Tout simplement parce que changer de rythme et a fortiori pour passer d’un rythme plus cool ou en tout cas plus choisi dans la majorité des cas à un rythme beaucoup plus chronométré et imposé demande une réadaptation. Le stress mobilise nos ressources adaptatives. On est en plein dedans. En vacances, même si on subit parfois la belle famille ou des couacs d’organisation, on a globalement un rythme plus cool, du temps avec ses enfants et son conjoint, des activités et des fréquentations choisies, et une liberté de mouvements mais aussi vestimentaire, et une cassure de rythme qui fait fabriquer des endorphines et de la sérétonine, neuromédiateurs du bien-être. S’adapter oblige le corps à fabriquer une hormone d’adaptation, le cortisol, qui crée des tensions musculaires et des ruminations mentales. Les surrénales s’activent parfois jusqu’à l’épuisement.

Ensuite parce que quitter, perdre, c’est toujours un petit stress pour l’être humain.
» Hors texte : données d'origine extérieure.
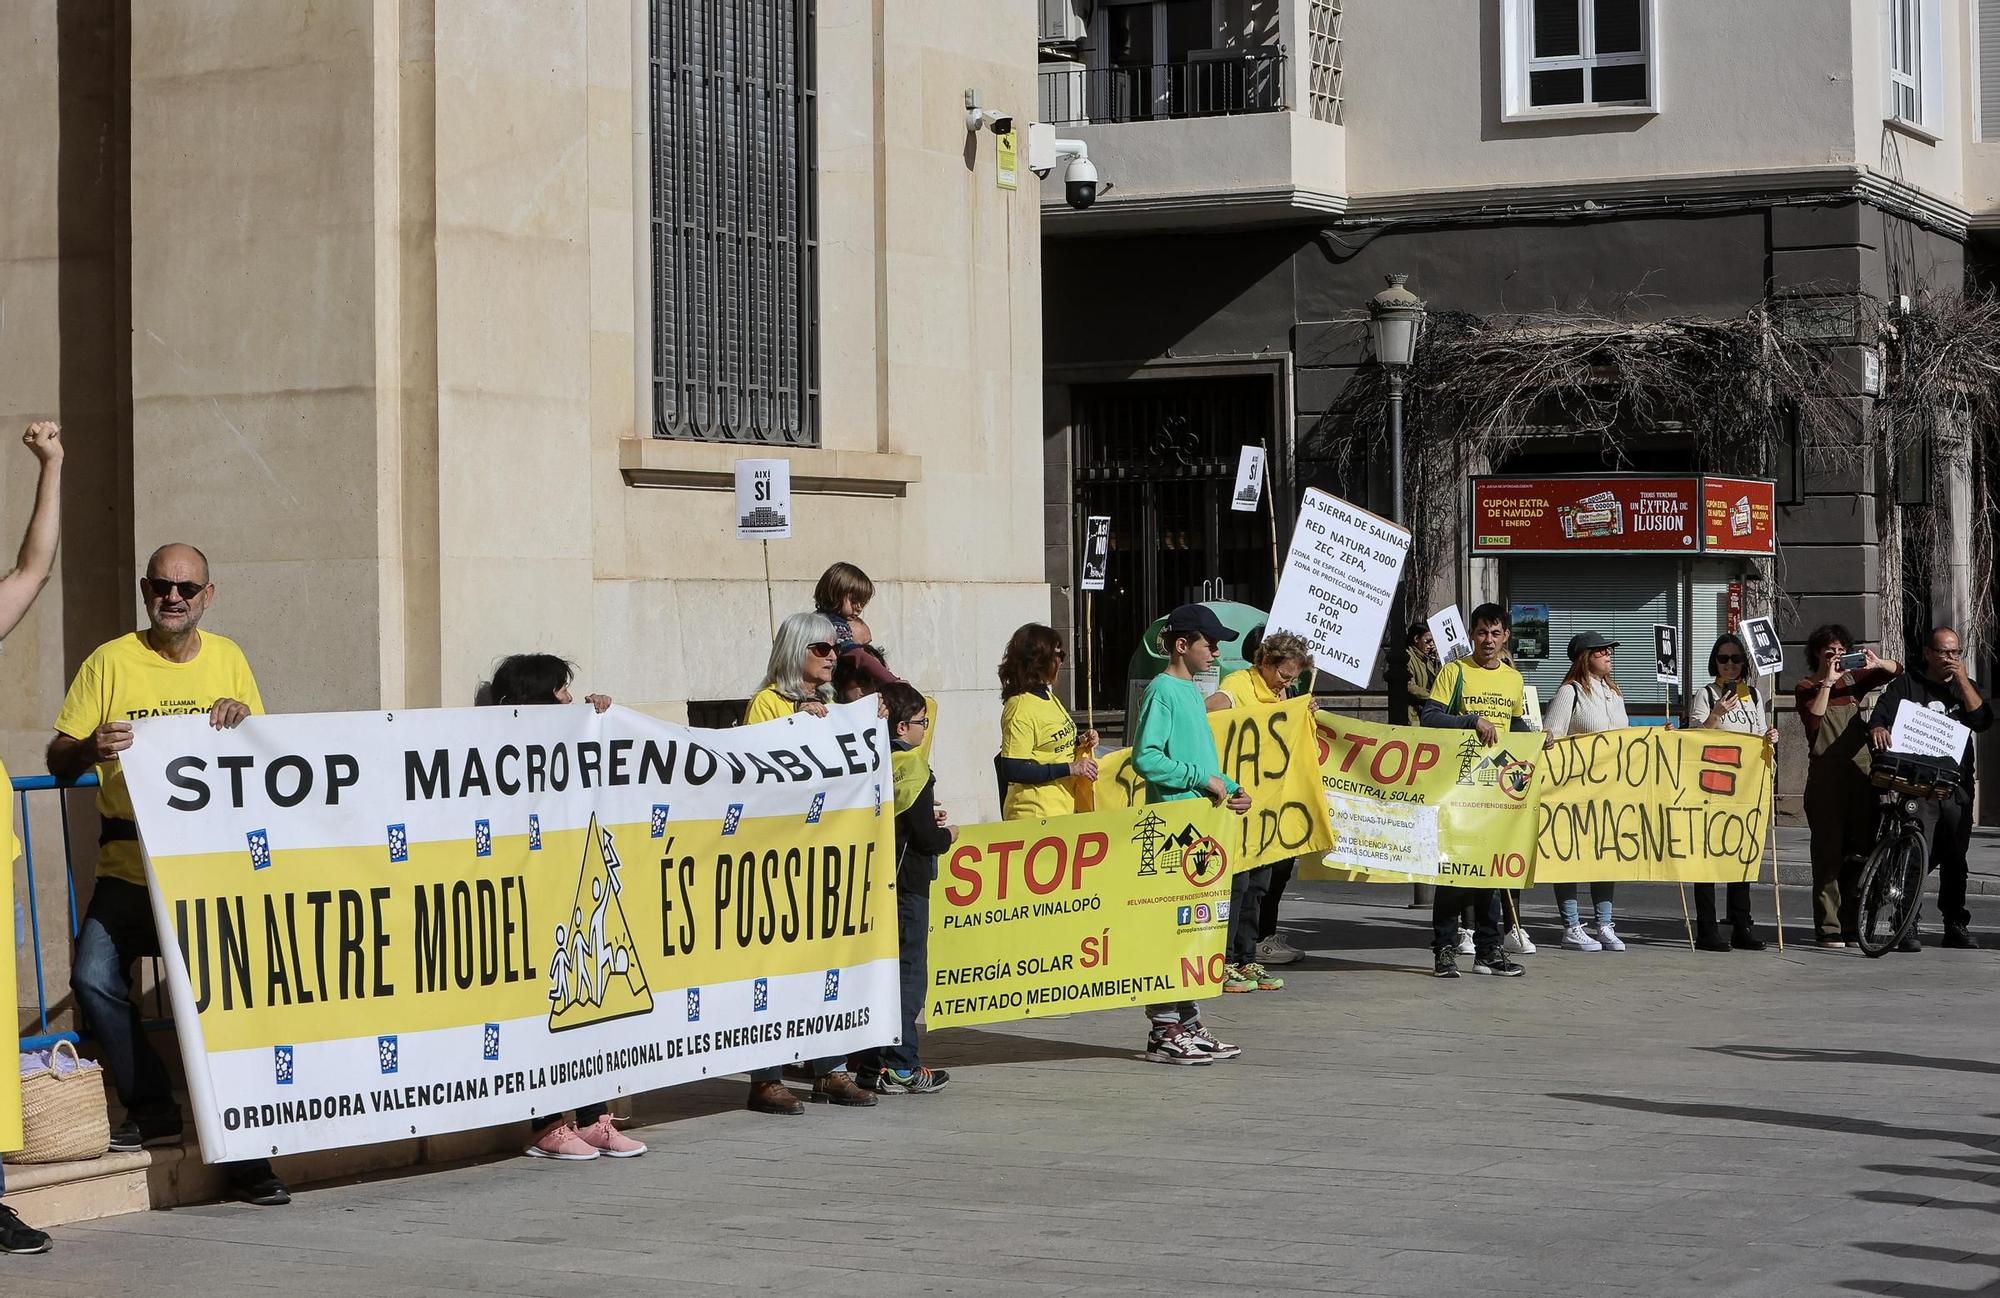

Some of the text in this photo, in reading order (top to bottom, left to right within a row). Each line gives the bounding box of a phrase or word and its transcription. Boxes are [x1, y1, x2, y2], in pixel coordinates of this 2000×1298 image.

[754, 469, 771, 479] AIXÍ
[754, 479, 771, 501] SÍ
[1482, 498, 1550, 508] CUPÓN EXTRA
[1488, 509, 1544, 518] DE NAVIDAD
[1630, 499, 1688, 515] UN EXTRA DE
[1303, 494, 1410, 551] LA SIERRA DE SALINAS
[1634, 514, 1684, 532] ILUSIÓN
[1305, 518, 1397, 568] RED NATURA 2000
[1314, 540, 1367, 572] ZEC, ZEPA,
[1294, 560, 1310, 572] ZONA
[1312, 568, 1320, 576] DE
[1320, 572, 1355, 593] PROTECCIÓN
[1357, 589, 1366, 597] DE
[1313, 558, 1321, 566] DE
[1321, 561, 1346, 578] ESPECIAL
[1347, 574, 1391, 598] CONSERVACIÓN
[1308, 584, 1358, 614] RODEADO
[1318, 603, 1340, 620] POR
[1305, 612, 1343, 635] 16 KM2
[1313, 629, 1328, 641] DE
[1444, 626, 1457, 642] SÍ
[1662, 640, 1672, 656] NO
[1756, 632, 1770, 648] NO
[1903, 724, 1946, 746] MACROPLANTAS
[1903, 734, 1925, 746] SALVAD
[1317, 723, 1441, 786] STOP
[1542, 727, 1682, 790] UACIÓN
[165, 754, 360, 812] STOP
[1321, 775, 1425, 804] ROCENTRAL SOLAR
[1349, 813, 1376, 824] VENDAS
[1376, 817, 1386, 826] TU
[1349, 837, 1358, 846] DE
[1358, 849, 1389, 860] SOLARES
[944, 831, 1109, 907] STOP
[1438, 852, 1526, 878] IENTAL NO
[660, 837, 877, 957] ÉS POSSIBLE
[944, 894, 1101, 929] PLAN SOLAR VINALOPÓ
[176, 876, 537, 1014] UN ALTRE MODEL
[935, 928, 1111, 986] ENERGÍA SOLAR SÍ
[932, 952, 1226, 1017] ATENTADO MEDIOAMBIENTAL NO
[222, 1006, 870, 1131] ORDINADORA VALENCIANA PER LA UBICACIÓ RACIONAL DE LES ENERGIES RENOVABLES
Le retour de vacances marque la fin d’une période souvent heureuse, où l’on a choisi l’endroit où l’on avait envie d’être, et les personnes avec qui on les passe… pour autant qu’on s’autorise à évoluer et qu’on ne se sent pas obliger d’obéir à la sacrosainte quinzaine chez belle maman après deux semaines chez les parents, ce qui tôt ou tard nuit à la sexualité du couple et à l’enrichissement intérieur puisque les vacances sont alors l’éternelle répétition d’un schéma clanique et régressif. Il y a donc, à la fin des vacances un petit deuil à faire, qui va avec le raccourcissement des journées d’ailleurs. Mais le mot deuil est un peu fort, car en réalité on le fait tous les ans et les vacances reviendront.
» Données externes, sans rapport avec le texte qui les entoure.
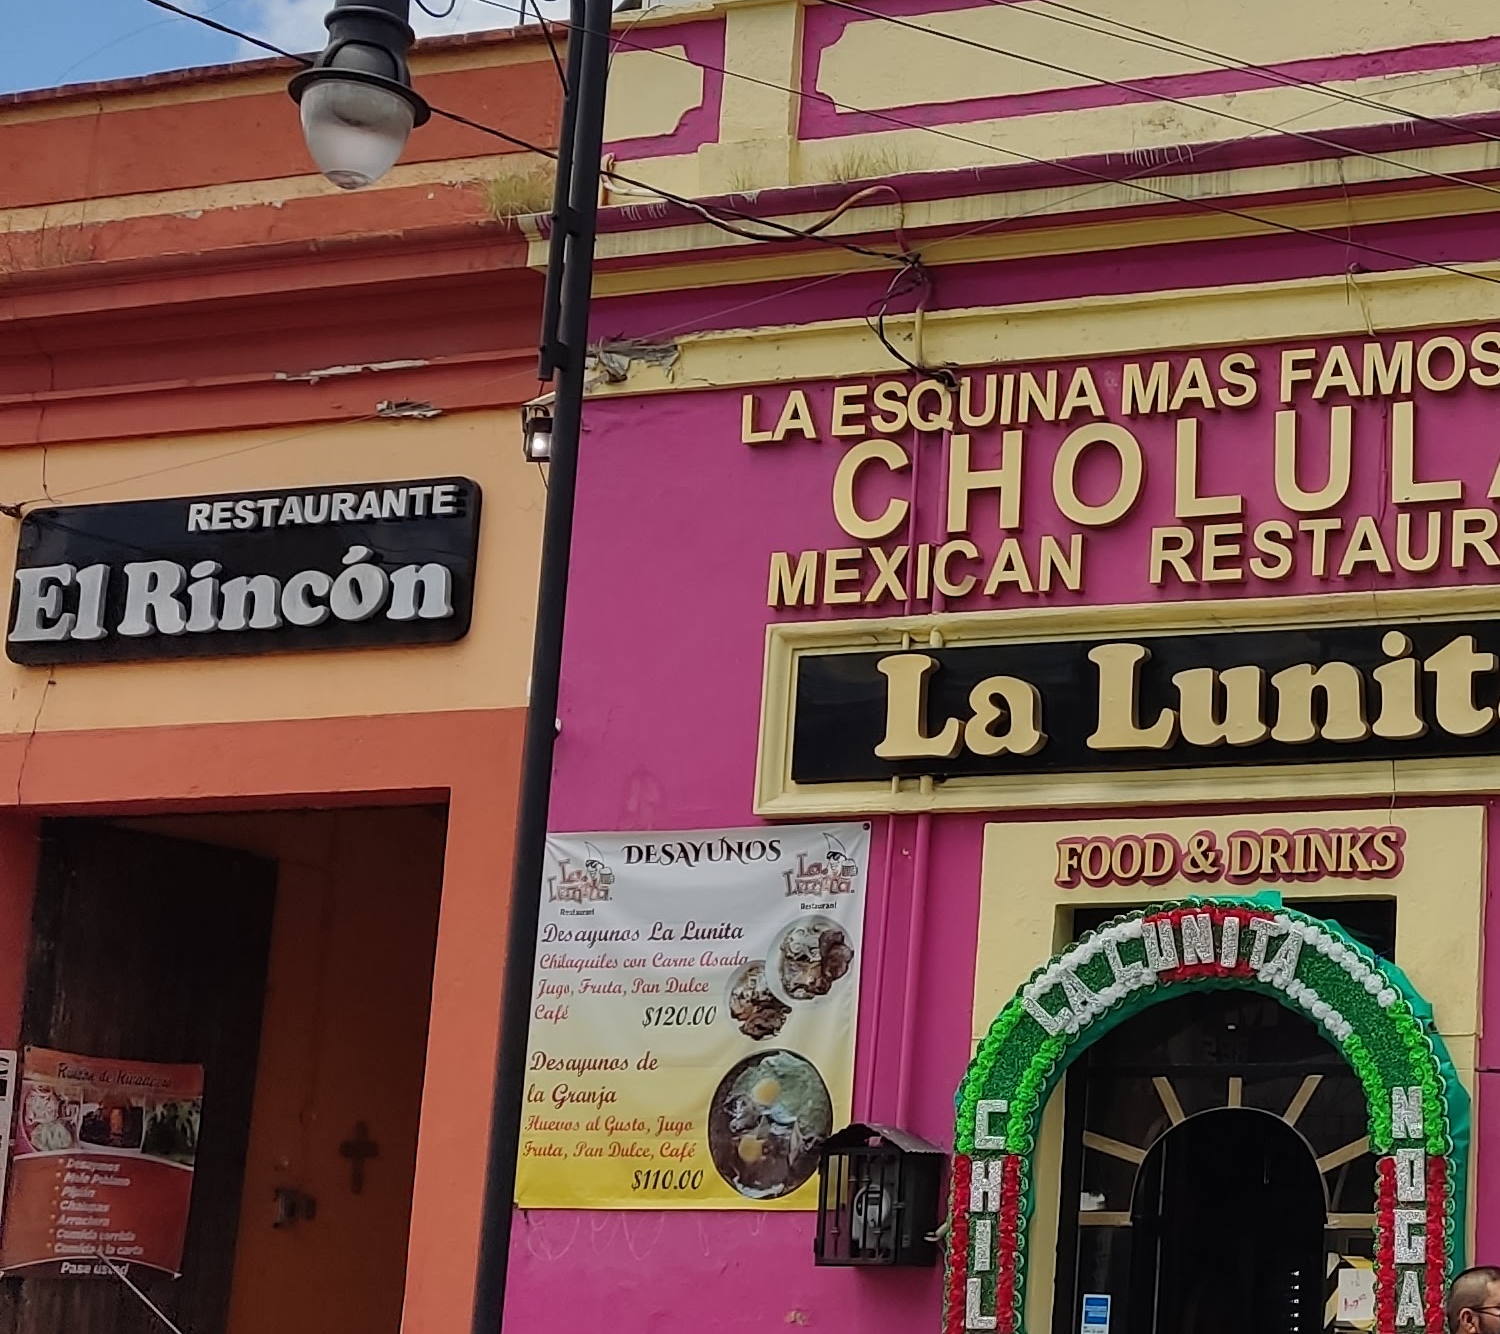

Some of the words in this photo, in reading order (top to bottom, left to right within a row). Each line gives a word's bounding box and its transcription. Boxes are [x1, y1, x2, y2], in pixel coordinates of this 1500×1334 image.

[741, 391, 816, 447] LA
[831, 368, 1106, 437] ESQUINA
[1121, 351, 1260, 421] MAS
[187, 484, 460, 532] RESTAURANTE
[767, 532, 1084, 608] MEXICAN
[8, 563, 111, 643] El
[116, 545, 456, 638] Rincón
[874, 651, 1049, 762] La
[621, 835, 783, 869] DESAYUNOS
[1056, 835, 1178, 884] FOOD
[1186, 831, 1221, 874] &
[1227, 829, 1399, 877] DRINKS
[541, 923, 640, 949] Desayunos
[647, 921, 675, 941] La
[680, 920, 745, 941] Lunita
[539, 953, 618, 973] Chilaquiles
[623, 958, 646, 968] con
[652, 952, 695, 967] Carne
[700, 951, 749, 967] Asada
[1022, 969, 1101, 1037] LA
[1102, 912, 1304, 985] LUNITA
[536, 978, 574, 999] Jugo,
[578, 978, 627, 996] Fruta,
[631, 977, 660, 994] Pan
[664, 976, 710, 993] Dulce
[534, 1004, 569, 1025] Café
[641, 1005, 717, 1027] $120.00
[529, 1050, 629, 1077] Desayunos
[636, 1050, 659, 1071] de
[527, 1083, 545, 1103] la
[551, 1082, 617, 1110] Granja
[524, 1115, 581, 1132] Huevos
[585, 1115, 601, 1132] al
[604, 1115, 651, 1137] Gusto,
[655, 1115, 695, 1137] Jugo
[522, 1140, 568, 1160] Fruta,
[573, 1141, 604, 1158] Pan
[608, 1141, 655, 1160] Dulce,
[659, 1141, 697, 1163] Café
[631, 1169, 704, 1192] $110.00
[60, 1261, 91, 1274] Pase
Autre source de stress, lorsque justement les vacances n’ont pas été reposantes. On est dans l’anticipation anxieuse de tout ce qui nous attend, de tout ce qu’on a mis entre parenthèses et qu’on va devoir affronter (papiers en retard, travaux, etc), avec en outre le ressenti qu’on a pas rechargé les batteries et qu’on sera déjà épuisé fin septembre.

Beaucoup de nos contemportains ont oublié le temps de l’Etre au profit du faire et de l’avoir or même Dieu se repose le 7 jour ! Reposer le corps et l’esprit, revenir à la notion fondamentale de la vacance, le vide, est essentiel pour être prêt à rentrer et avoir l’énergie de voir les bons côtés de la nouvelle année. Si on est arrivé épuisé et qu’on a enchainé tournois de tennis, sorties tardives, devoirs de vacances et mondanités à rendre aux uns et aux autres en faisant la cuisine pour 10, c’est sûr on va rentrer paniqué à l’idée de ne pas avoir les réserves nécessaires. Le burn out guette tous ceux qui veulent être plus que parfait et dont l’estime d’eux-mêmes défaillante les oblige à en faire toujours plus, tout comme ceux qui ont une boulimie d’activité à l’idée de ne pas avoir pleinement profité.

Mais parfois aussi, on avait prévu de se reposer, et l’été a apporté son cortège d’imprévus douloureux. Un décès, un accident, la décision de divorcer, la prise de conscience douloureuse que notre ado déprime à l’excès, la dégradation de l’état de santé d’un parent qui oblige à être garde malade en attendant de pouvoir organiser l’année différemment pour lui. Pourtant il faut reprendre tous azimuts et les défis à relever ne sont pas moins nombreux. Bref on doit réarmer avant d’avoir eu le temps de respirer et de se régénérer.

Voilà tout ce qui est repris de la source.